Task objective
With the images removed, write out each record exactly as given.

==================================================

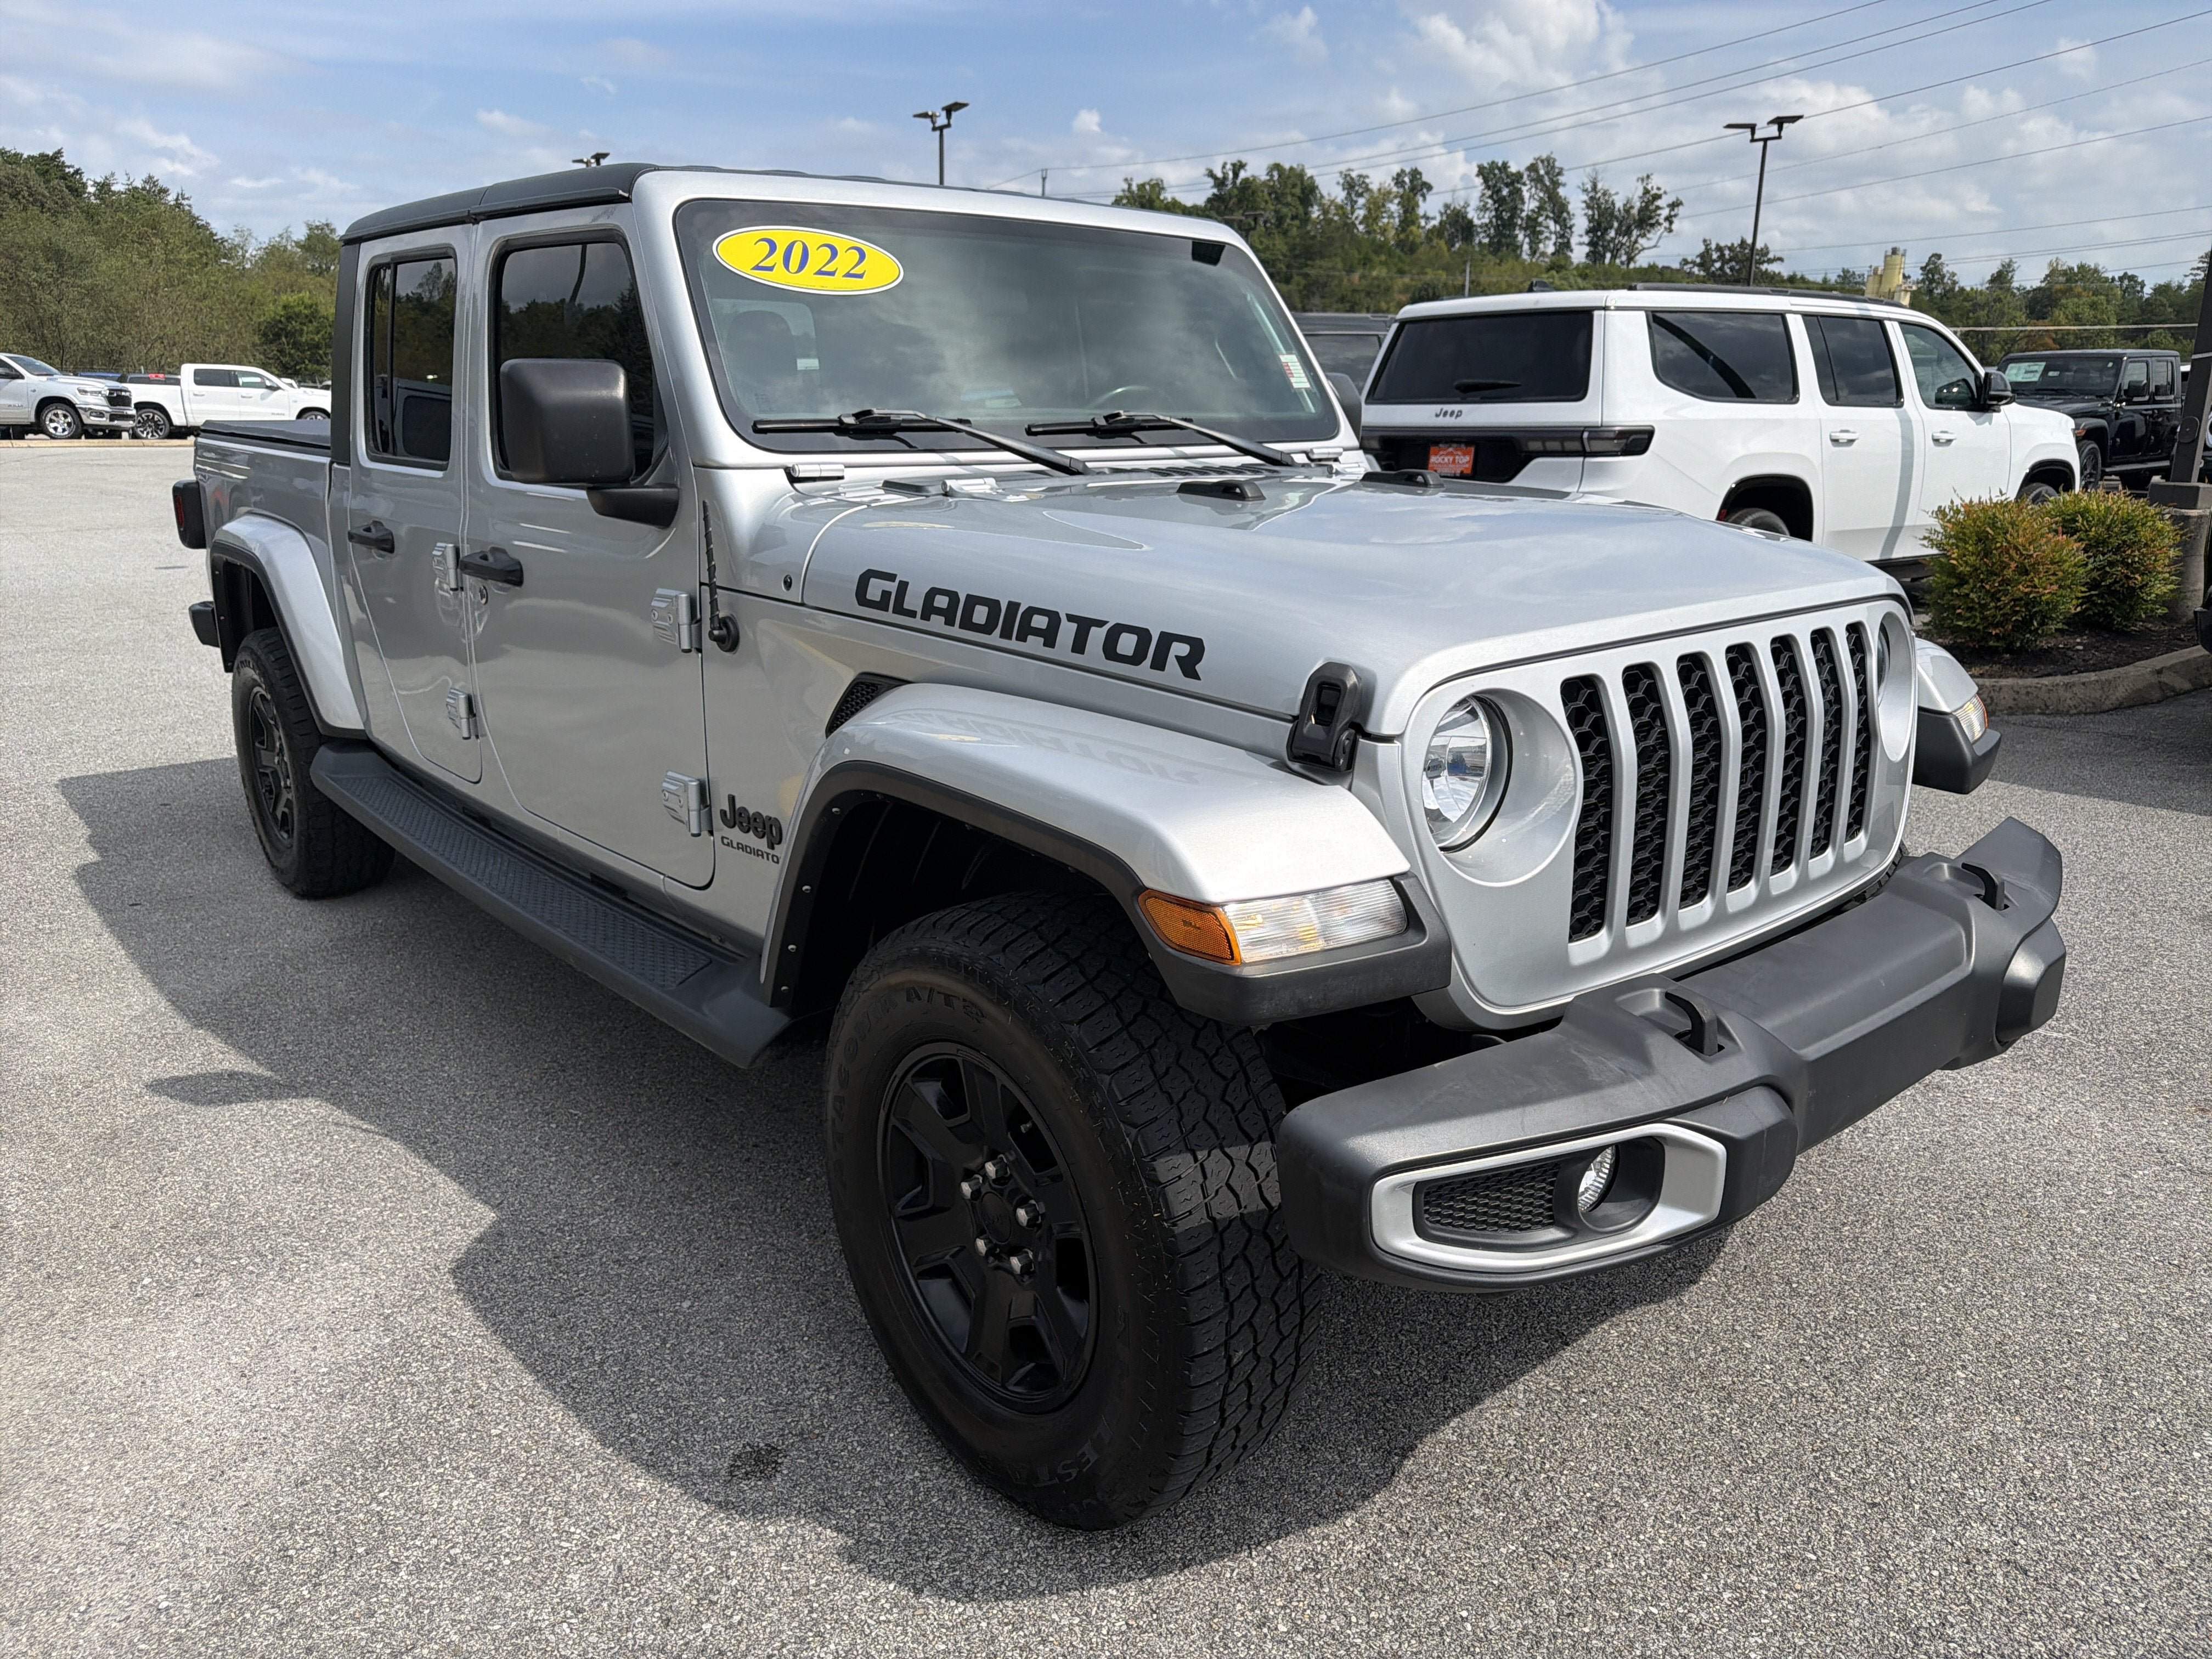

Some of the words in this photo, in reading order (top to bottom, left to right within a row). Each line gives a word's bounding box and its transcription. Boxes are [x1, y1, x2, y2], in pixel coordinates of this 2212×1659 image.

[751, 238, 867, 279] 2022
[1435, 408, 1463, 419] Jeep
[855, 568, 1205, 681] GLADIATOR
[719, 794, 783, 850] Jeep
[720, 836, 780, 865] GLADIATO

==================================================

The completed task
Some of the words in this photo, in reading order (top to bottom, left to right within a row). Each line gives a word's bounding box and its transcription. Boxes are [x1, y1, x2, y2], in pixel coordinates of this 2212×1659 image.

[751, 238, 867, 279] 2022
[1435, 408, 1463, 419] Jeep
[855, 568, 1205, 681] GLADIATOR
[719, 794, 783, 850] Jeep
[720, 836, 780, 865] GLADIATO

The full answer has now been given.